No, this was not an academic seminar or a clinicopathological meeting.
It was just a wonderful way to spend a lazy Sunday, chatting, joking, listening to music and reminiscing about college days.
Each one of these doctors have spent more than 6 years in a foreign country learning, working and travelling. These highly skilled doctors now have a thriving private practice in their homeland. Many of them are balancing their clinical work with various hobbies like writing books, creating websites and blogs. Others are actively participating in voluntary and charity work and attending free health camps in remote villages.

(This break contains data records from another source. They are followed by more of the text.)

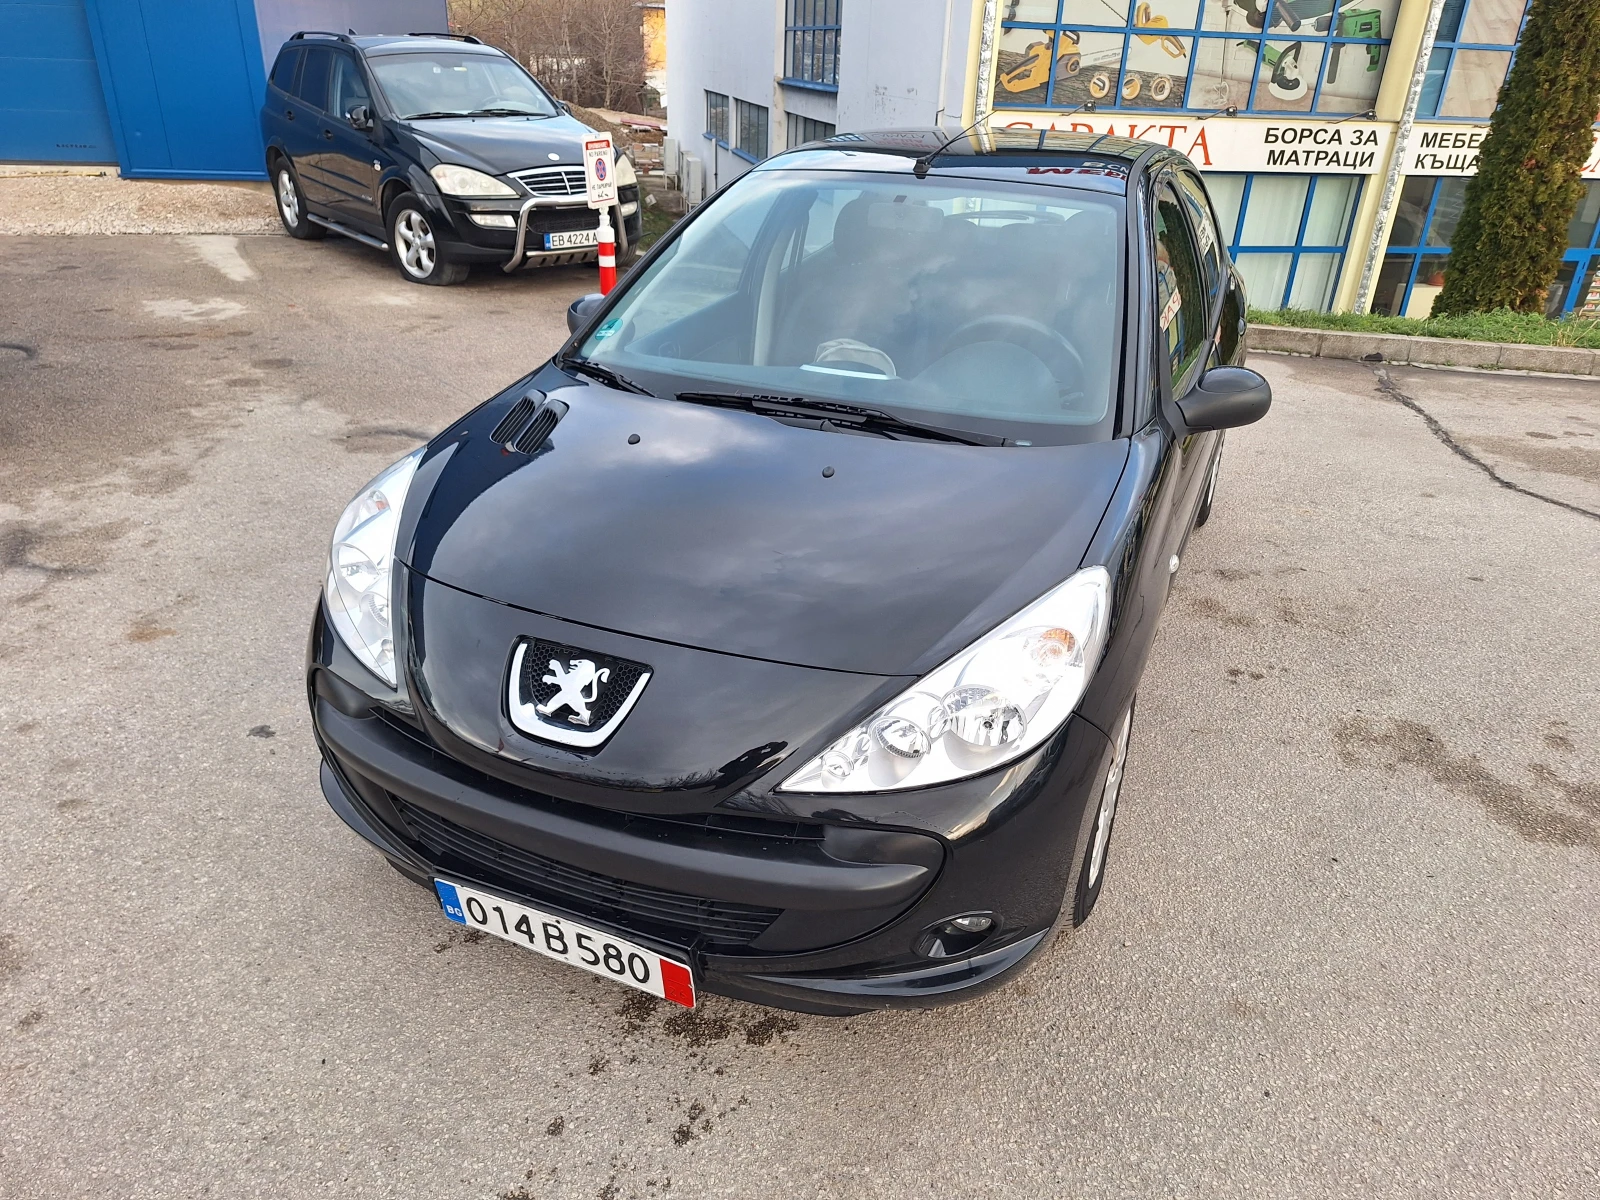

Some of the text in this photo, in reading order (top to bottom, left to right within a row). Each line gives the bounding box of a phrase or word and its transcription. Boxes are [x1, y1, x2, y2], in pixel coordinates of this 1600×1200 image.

[1264, 127, 1378, 146] БОРСА ЗА
[1266, 149, 1375, 170] МАТРАЦИ
[1414, 153, 1480, 173] КЪЩА
[551, 234, 565, 247] EB
[567, 232, 590, 245] 4224
[446, 904, 463, 917] BG

All these senior doctors are repeatedly asked by young medical graduates about the procedure to migrate to a foreign country for higher studies.
Today my friends requested me to write a short post for these young medical graduates.
My advice to all young doctors who want to study abroad:
1) First complete your post graduate MD degree in your own country.
2) Right age to travel abroad is in your mid twenties. This is the golden period when along with learning, you can make new friends from different nationalities and freely travel around without the responsibility of supporting a family and kids.
3) You should always keep in mind you are visiting a foreign country to learn and get valuable working experience. You are NOT an economic migrant.
4) Don't only stick to people of your own community and race. Freely associate with local people. "When in Rome, do as the Romans do". You will soon realize people all around the world share similar basic emotions like joy, sadness, anger, fear and above all LOVE.
5) Keep your contacts with friends you have said "goodbye" when you leave a country. Send close friends hand written birthday and New Year cards and not a quick e-mail.
Never forget a dear friend whom you have hugged or shook hands for the last time.
6) Invite your real life friends to your own country and show them around. This will strengthen the bond between friends of different nationalities.
I recently got the shocking news of the death of a respected senior colleague. He died on the same year as my mother. He taught me so much about grossing of pathology specimen and spent hours teaching me minute details of so many interesting cases in his multiheader microscope.
Always remember life is changing every moment. Life is now a shade, next moment it is sunshine. Live life to the fullest. The time that you have today is for you to enjoy with those near you. Tomorrow may never come.
My entire section on Dermatopathology is in memory of the wonderful time I had during my dermatopathology training. I have selected "Friday" to post new "dermatopathology quiz cases" as it coincides with the day which I used to look forward to for many years during my training period.
"A special slide to remember Glomeruloid hemangioma - A vascular tumour which looks like a section from kidney"
Incidentally, none of the renowned senior colleagues, friends and doctors I have known in real life use social media networking sites like LinkedIn, Facebook, Twitter or G+.
I wonder why ?
Have a happy and successful week ahead.